Band News FM
BandNews FM

Mercosul e UE assinam acordo histórico após 25 anos de negociação

Texto agora segue para a fase decisiva de ratificação nos congressos dos países-membros

Da redação
DA REDAÇÃO

17/01/2026 • 15:09 • Atualizado em 17/01/2026 • 15:09

Mercosul e UE assinam acordo

Mercosul e UE assinam acordo

Reprodução

Resumo

Assinatura do acordo de livre-comércio entre Mercosul e União Europeia ocorreu em Assunção, Paraguai, após mais de vinte anos de negociações, criando uma das maiores áreas de comércio mundial, com impacto sobre cerca de 720 milhões de pessoas.

Participação de autoridades como o ministro brasileiro Mauro Vieira, a presidente da Comissão Europeia Ursula von der Leyen e o presidente argentino Javier Milei marcou o evento, com discursos ressaltando o combate ao protecionismo, a busca por parcerias duradouras e os potenciais benefícios econômicos e sociais do tratado.

Processo de aprovação do acordo depende da validação pelo Parlamento Europeu e pelos Congressos dos países fundadores do Mercosul, podendo levar anos devido à resistência de setores específicos e à complexidade das negociações envolvendo questões agrícolas, industriais e ambientais.

Após mais de duas décadas de intensas negociações, o Mercosul e a União Europeia assinaram neste sábado (17) o histórico acordo de livre-comércio entre os dois blocos.

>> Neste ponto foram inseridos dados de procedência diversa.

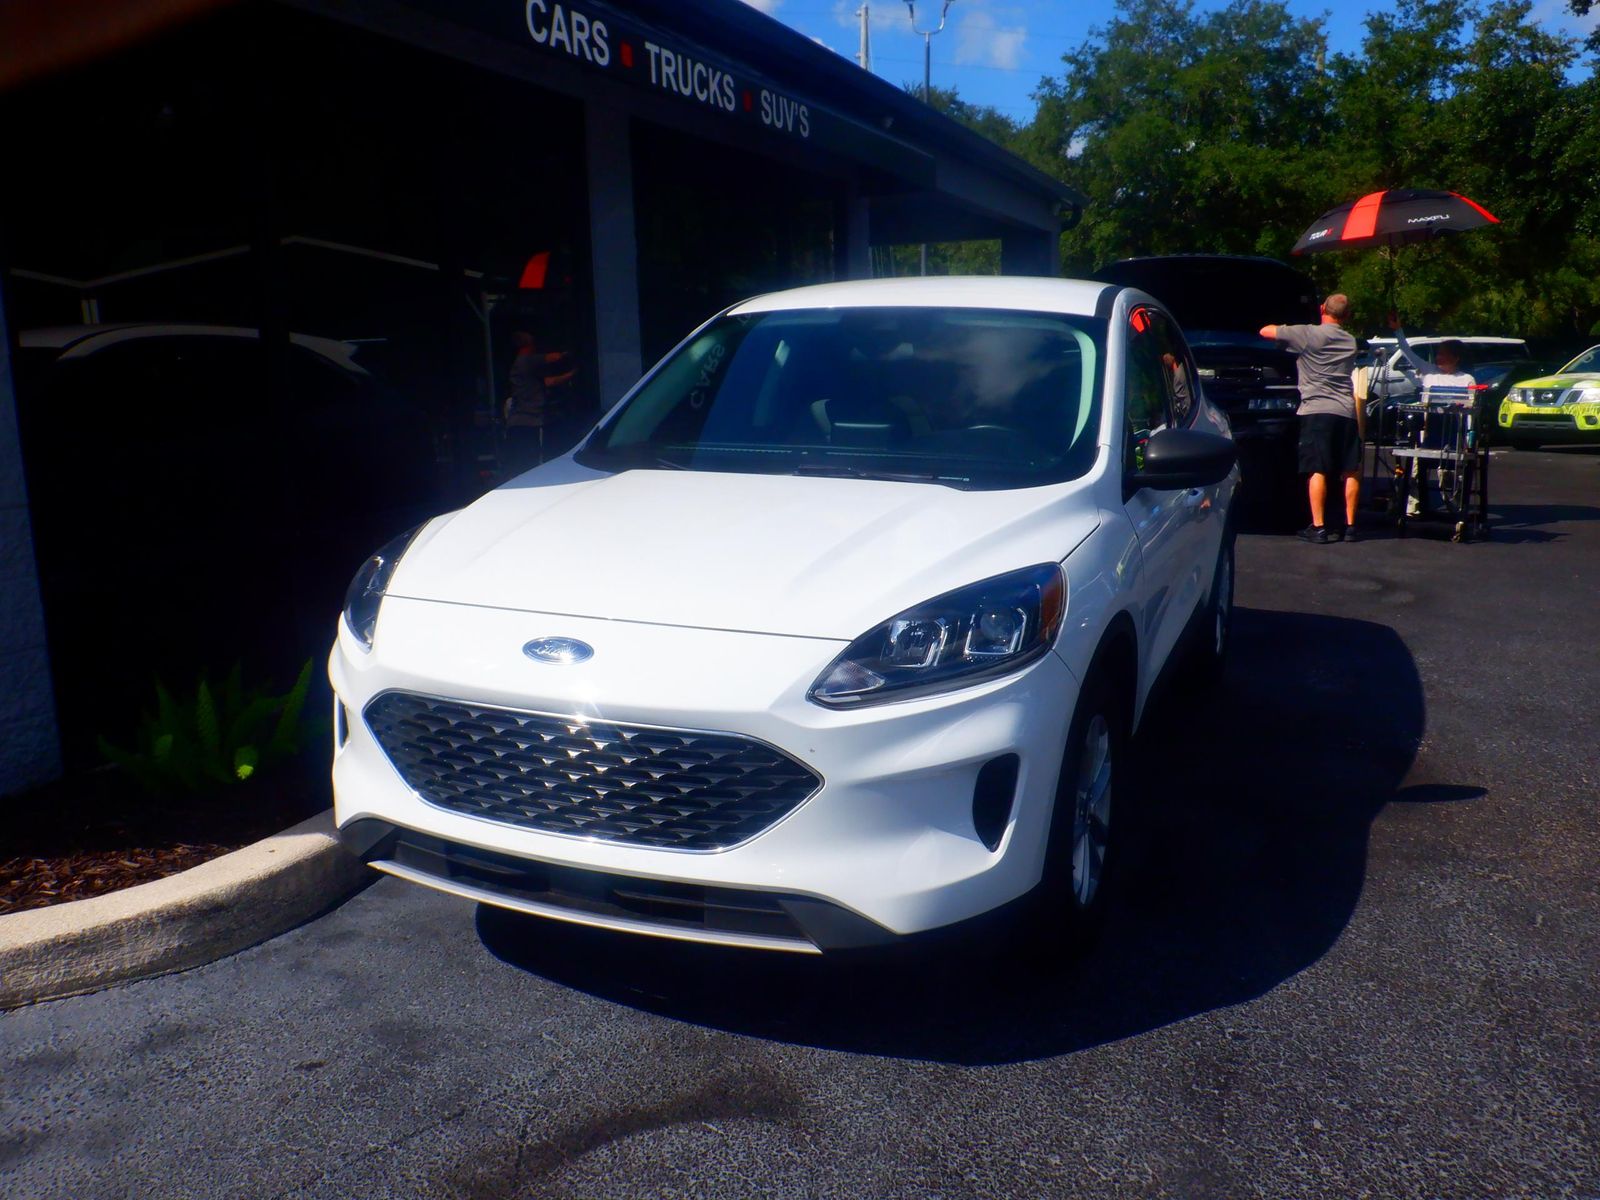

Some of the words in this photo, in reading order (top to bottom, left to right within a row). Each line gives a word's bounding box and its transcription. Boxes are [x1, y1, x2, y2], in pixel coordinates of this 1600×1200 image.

A cerimônia, realizada em Assunção, no Paraguai, formaliza a criação de uma das maiores áreas de comércio do planeta, abrangendo um mercado de cerca de 720 milhões de pessoas.

Compartilhar

Representando o Brasil, o ministro das Relações Exteriores, Mauro Vieira, assinou o documento ao lado de outras autoridades, como a presidente da Comissão Europeia, Ursula von der Leyen, e o presidente da Argentina, Javier Milei.

O que dizem os líderes

Em seu discurso, a presidente da Comissão Europeia, Ursula von der Leyen, destacou que o tratado envia uma mensagem contra o protecionismo e inaugura um novo capítulo na relação entre os continentes.

"Escolhemos o comércio justo em vez de tarifas. Escolhemos parcerias de longo prazo em vez de isolamento", disse Ursula.

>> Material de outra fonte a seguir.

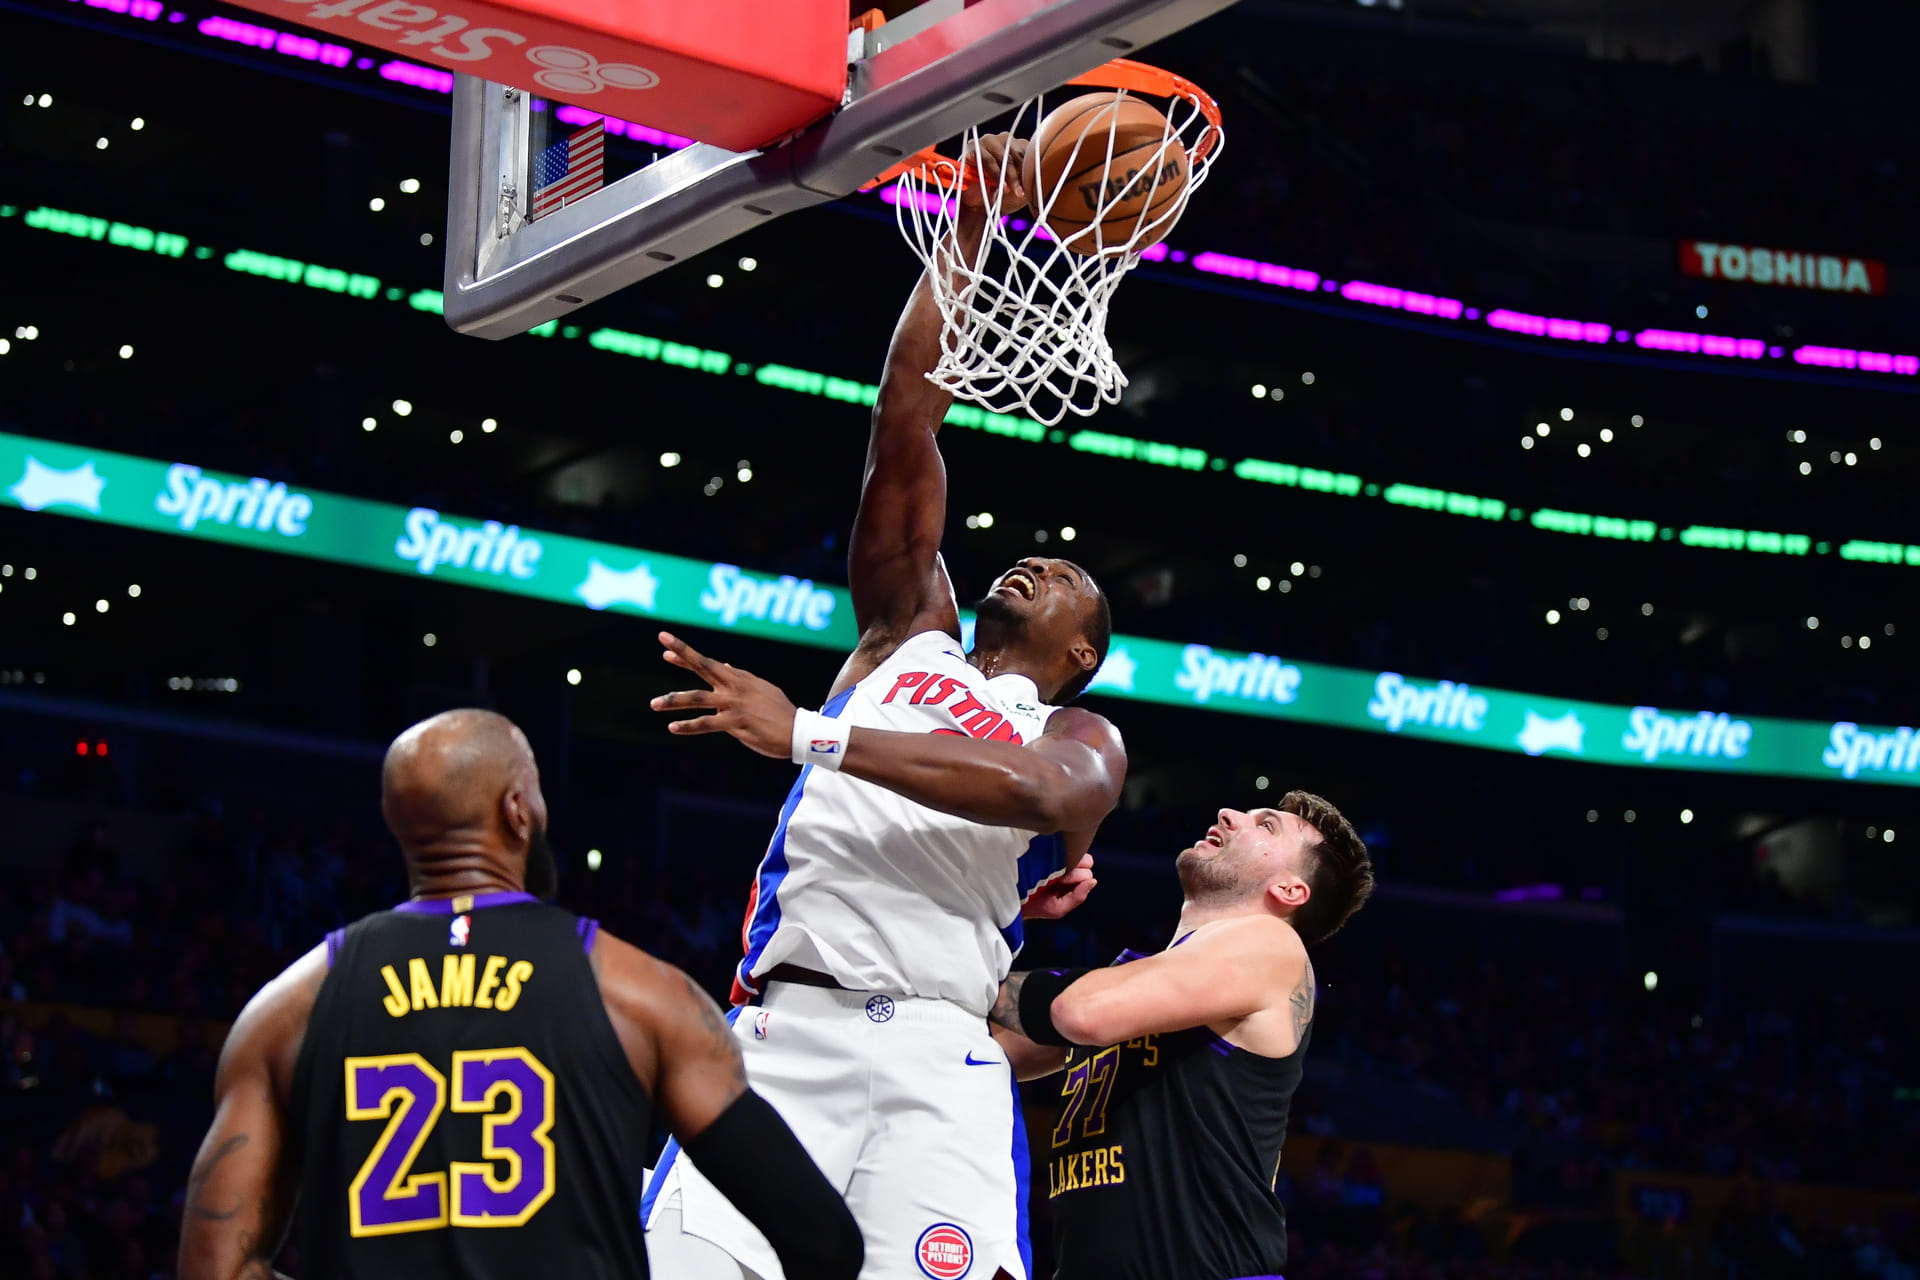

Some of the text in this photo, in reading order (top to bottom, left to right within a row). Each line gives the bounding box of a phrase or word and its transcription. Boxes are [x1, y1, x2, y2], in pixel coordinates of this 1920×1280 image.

[1078, 158, 1180, 212] Wilson
[1694, 242, 1871, 293] TOSHIBA
[155, 464, 313, 537] Sprite
[395, 508, 543, 579] Sprite
[699, 563, 836, 631] Sprite
[1174, 645, 1302, 705] Sprite
[1367, 672, 1489, 732] Sprite
[881, 671, 1024, 746] PISTON
[1622, 706, 1753, 762] Sprite
[1822, 721, 1920, 779] Sprit
[380, 953, 534, 1018] JAMES
[1051, 1043, 1121, 1148] 77
[344, 1046, 556, 1238] 23
[1049, 1145, 1126, 1199] LAKERS
[927, 1241, 964, 1255] DETROIT
[927, 1251, 964, 1266] PISTONS

Representando o governo brasileiro, o ministro de relações exteriores Mauro Vieira afirmou que o acordo é uma vitória do multilateralismo e trará benefícios concretos para a população.

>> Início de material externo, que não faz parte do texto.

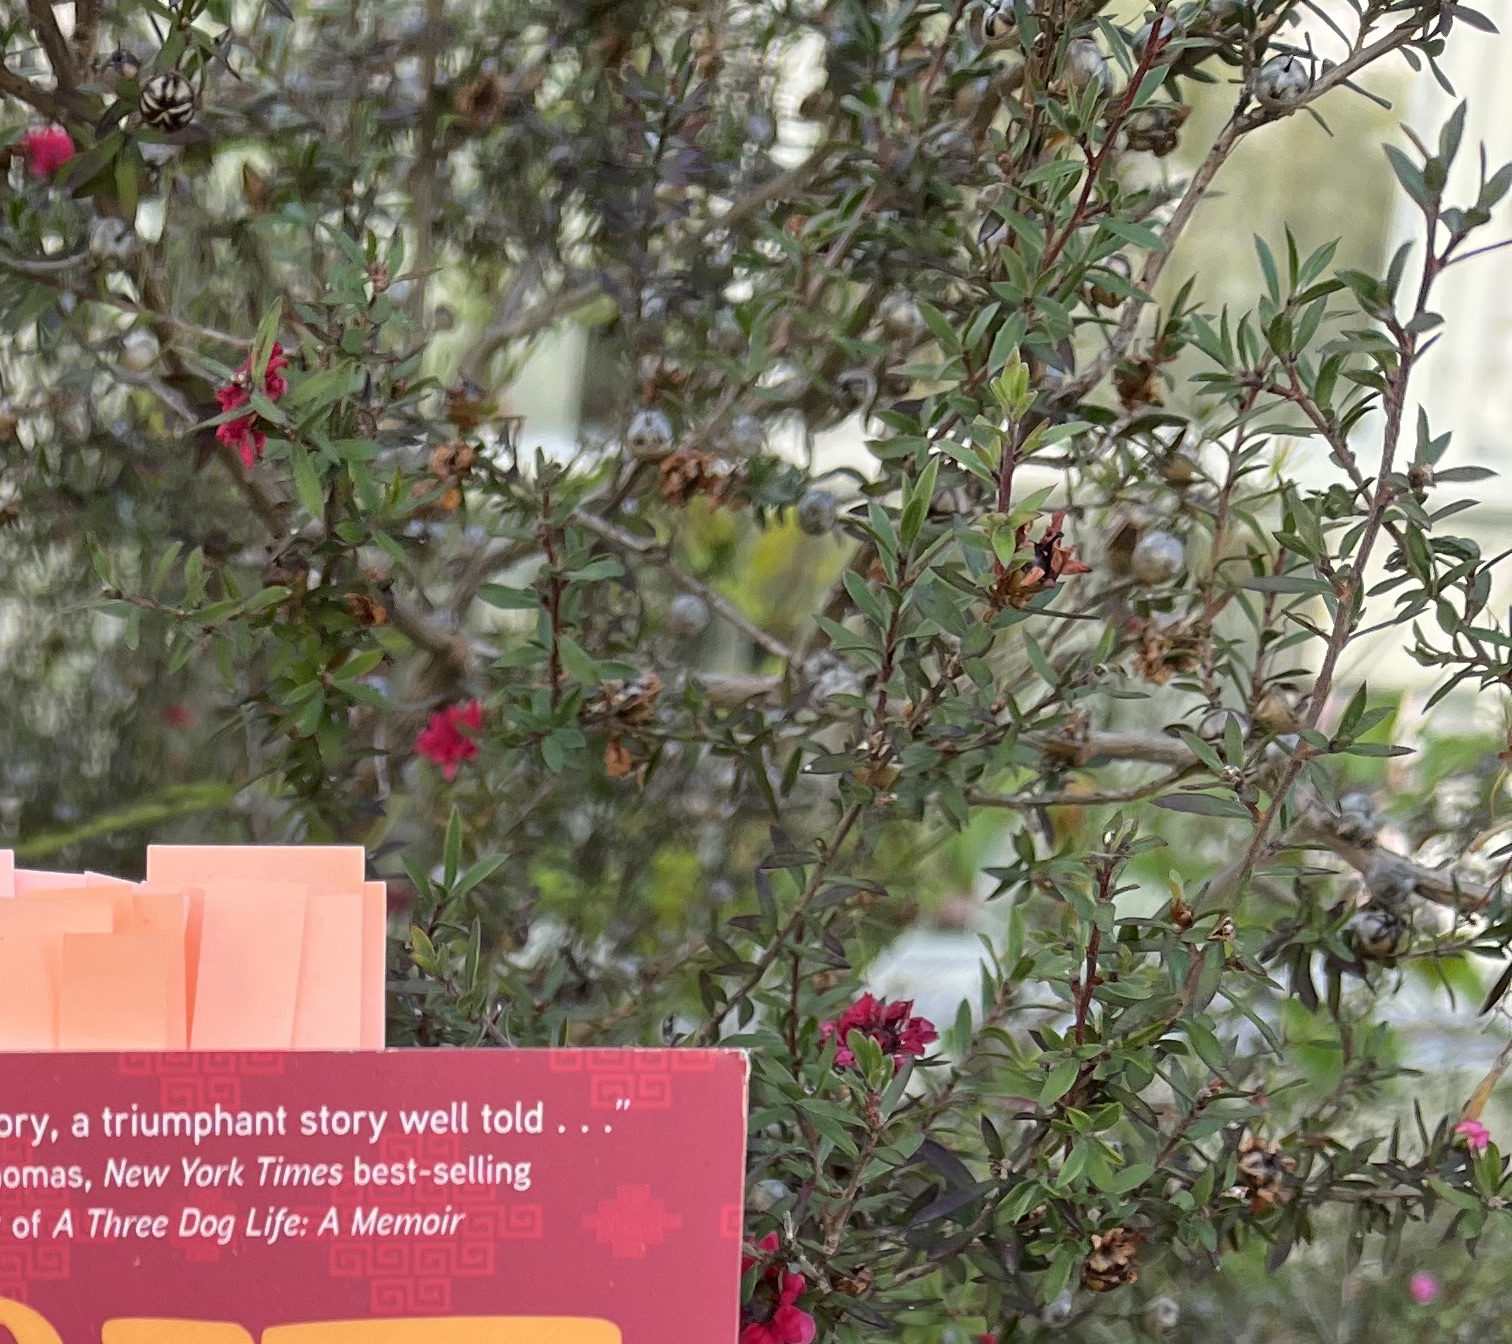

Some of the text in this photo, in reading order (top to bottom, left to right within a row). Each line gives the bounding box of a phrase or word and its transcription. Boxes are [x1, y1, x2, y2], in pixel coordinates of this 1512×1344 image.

"O acordo estabelece, de fato, uma parceria entre nossas regiões, com enorme potencial econômico para nossas sociedades e profundo sentido geopolítico para nossos países. Teremos mais empregos, mais investimentos, maior integração produtiva e crescimento econômico com inclusão social", declarou o chanceler.

Uma longa jornada de negociações

O caminho até a assinatura foi longo e complexo. As negociações começaram oficialmente em 1999 e, desde então, passaram por diversas pausas e retomadas.

Os principais entraves sempre envolveram a resistência de países europeus, como a França, em abrir seu mercado agrícola a produtos sul-americanos, enquanto o Mercosul buscava proteger setores industriais.

Nos últimos anos, exigências ambientais adicionais por parte da UE se tornaram um novo obstáculo, superado na reta final das tratativas.

Próximos Passos

A assinatura deste sábado é um passo fundamental, mas o acordo ainda não está em vigor. O texto precisará ser aprovado pelo Parlamento Europeu e, em seguida, pelos Congressos de cada um dos quatro países fundadores do Mercosul: Brasil, Argentina, Paraguai e Uruguai.

O processo pode levar anos e ainda enfrenta resistência de setores específicos em ambos os blocos.